Exercise aim →
The entries that follow must be given again exactly, with no pictures kept.

# # # # # # #

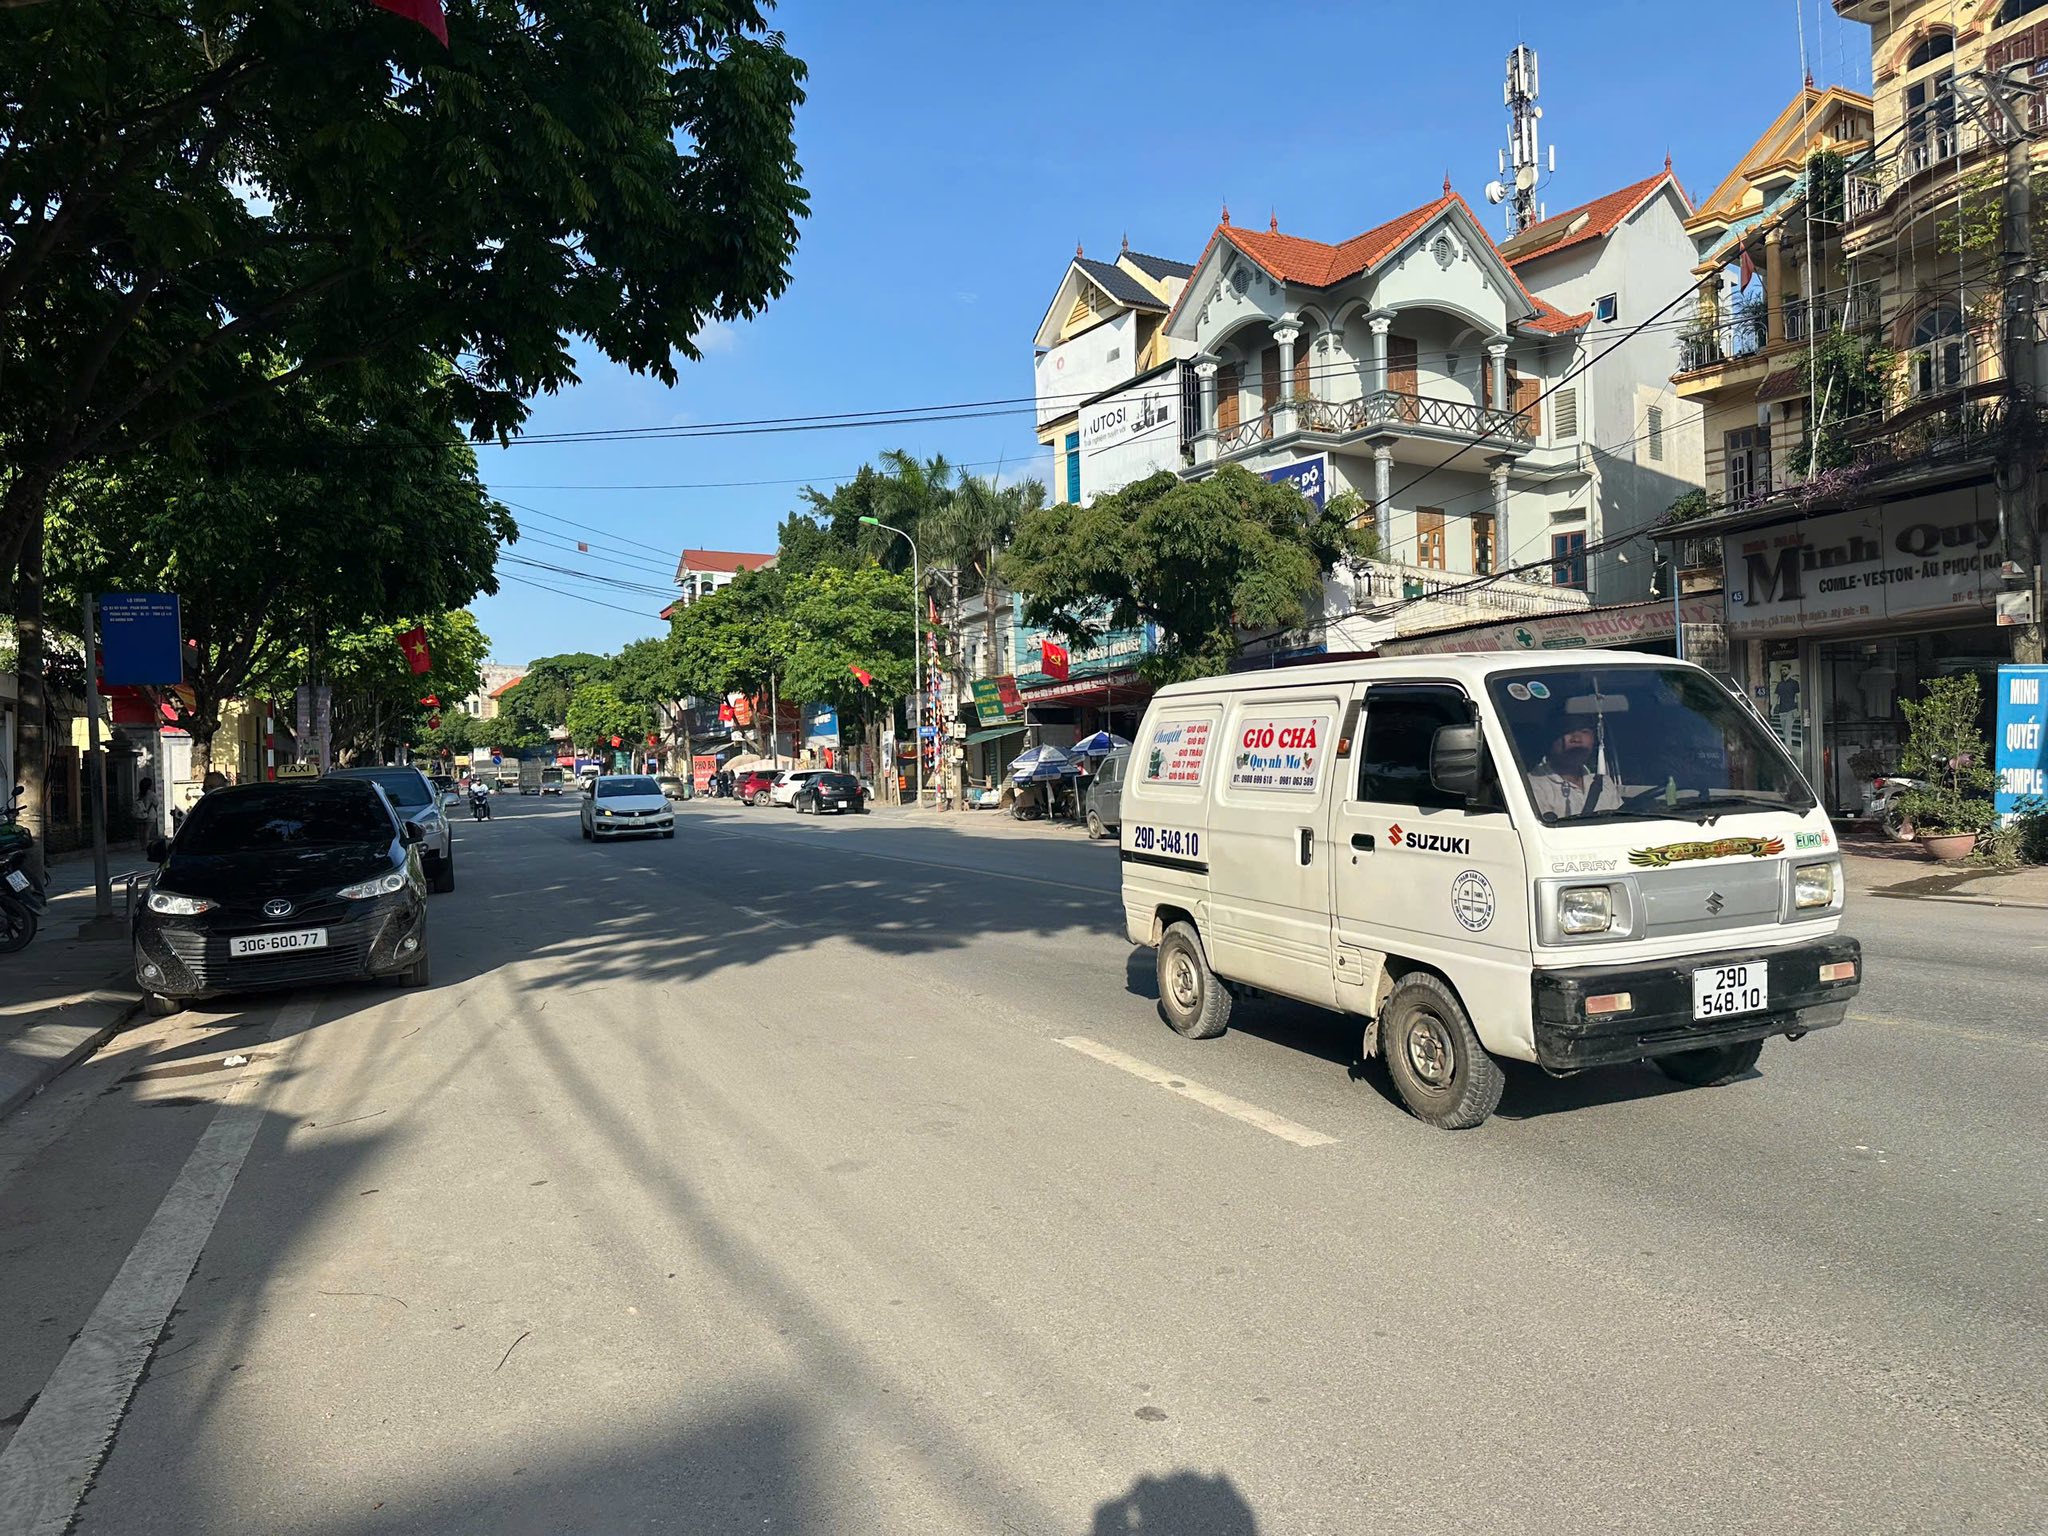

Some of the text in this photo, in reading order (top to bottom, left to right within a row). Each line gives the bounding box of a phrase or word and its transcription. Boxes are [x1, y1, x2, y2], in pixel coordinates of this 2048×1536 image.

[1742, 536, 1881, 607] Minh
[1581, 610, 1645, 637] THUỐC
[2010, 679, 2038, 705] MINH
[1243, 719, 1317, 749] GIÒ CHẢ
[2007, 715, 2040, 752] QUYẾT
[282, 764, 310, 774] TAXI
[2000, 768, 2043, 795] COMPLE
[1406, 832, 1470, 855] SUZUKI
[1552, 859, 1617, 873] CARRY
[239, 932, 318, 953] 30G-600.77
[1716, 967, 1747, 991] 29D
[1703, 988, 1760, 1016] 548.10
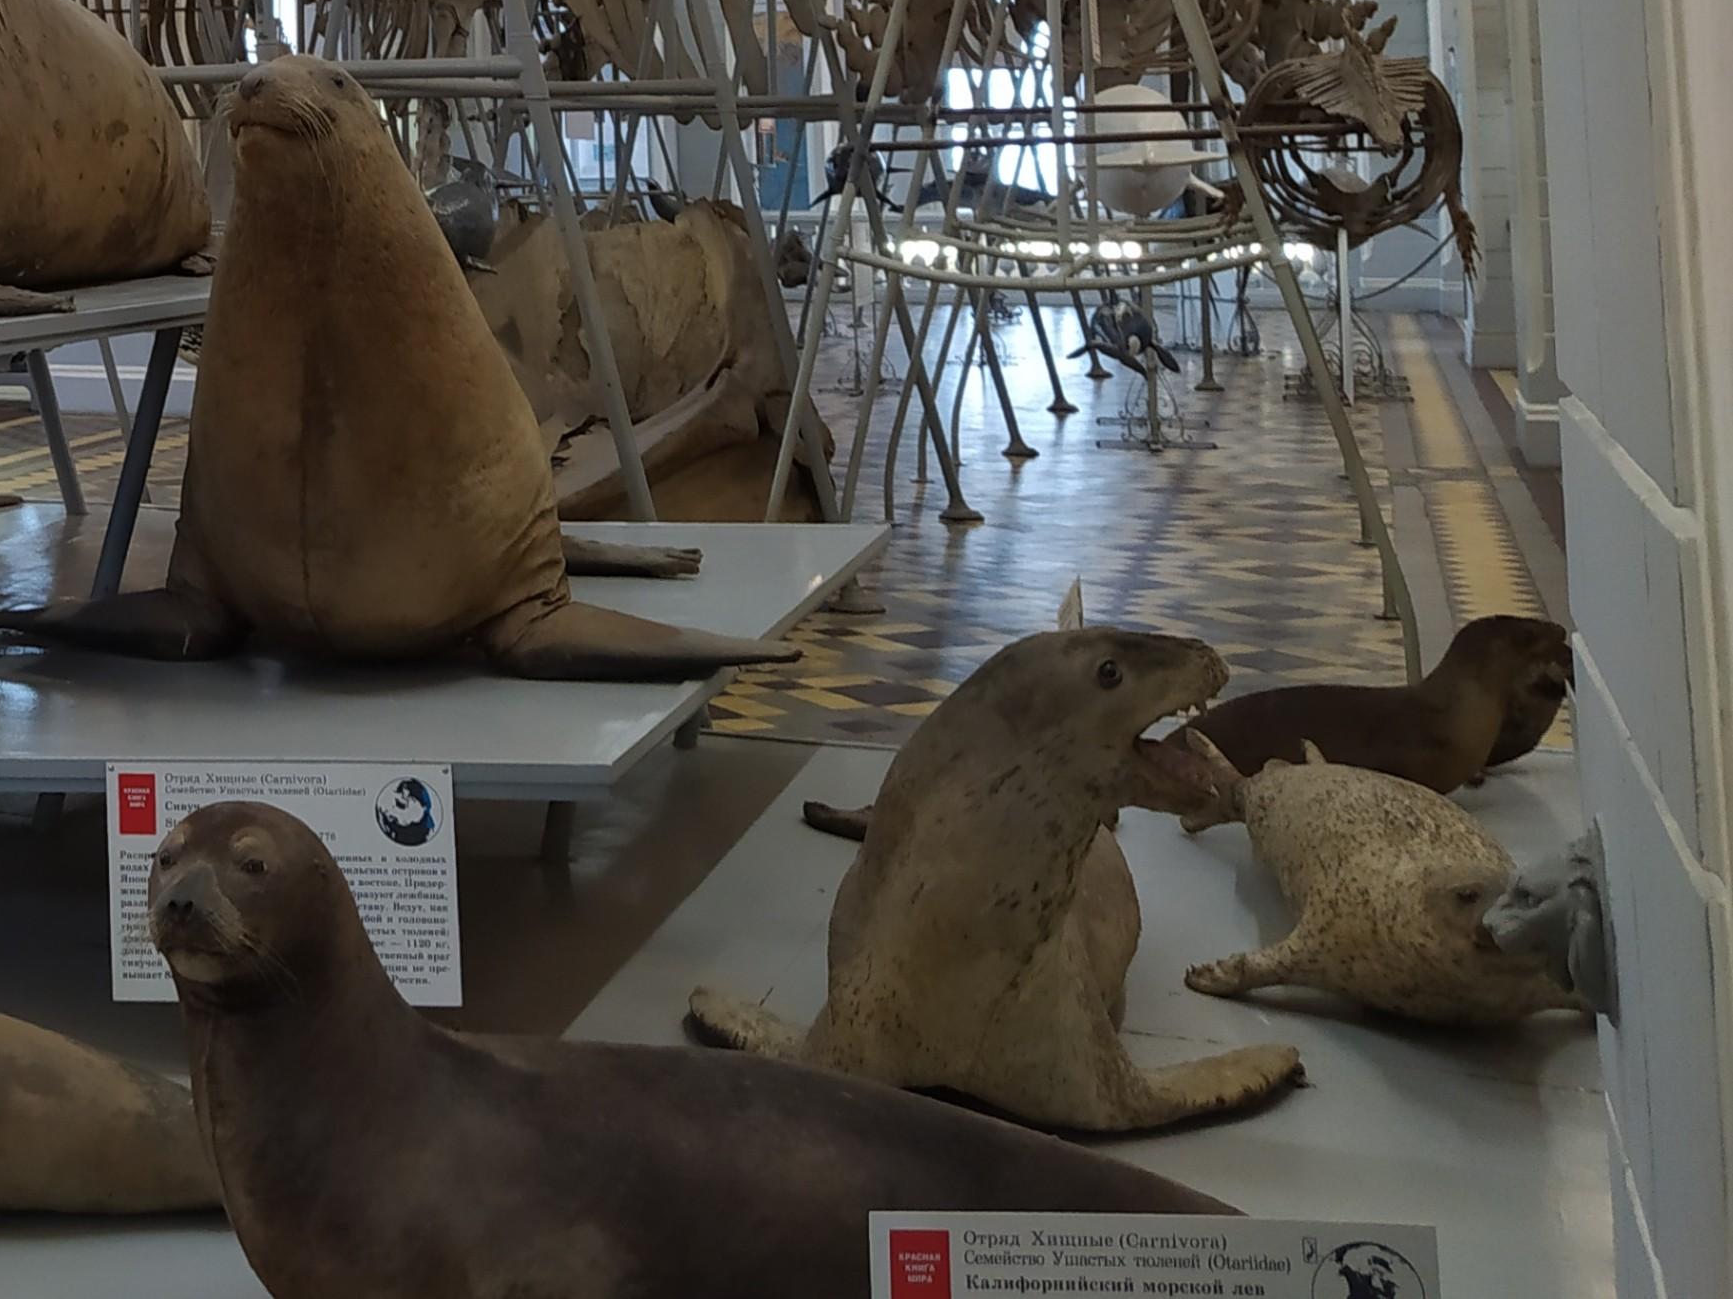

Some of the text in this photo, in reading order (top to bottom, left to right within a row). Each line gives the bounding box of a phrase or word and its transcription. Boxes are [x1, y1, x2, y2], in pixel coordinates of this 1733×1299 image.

# # # # # # #

Answer →
Some of the text in this photo, in reading order (top to bottom, left to right within a row). Each line gives the bounding box of a phrase or word and its transcription. Boxes are [x1, y1, x2, y2], in pixel coordinates of this 2048×1536 image.

[1742, 536, 1881, 607] Minh
[1581, 610, 1645, 637] THUỐC
[2010, 679, 2038, 705] MINH
[1243, 719, 1317, 749] GIÒ CHẢ
[2007, 715, 2040, 752] QUYẾT
[282, 764, 310, 774] TAXI
[2000, 768, 2043, 795] COMPLE
[1406, 832, 1470, 855] SUZUKI
[1552, 859, 1617, 873] CARRY
[239, 932, 318, 953] 30G-600.77
[1716, 967, 1747, 991] 29D
[1703, 988, 1760, 1016] 548.10

Some of the text in this photo, in reading order (top to bottom, left to right within a row). Each line gives the bounding box of a phrase or word and its transcription. Boxes are [x1, y1, x2, y2], in pixel coordinates of this 1733×1299 image.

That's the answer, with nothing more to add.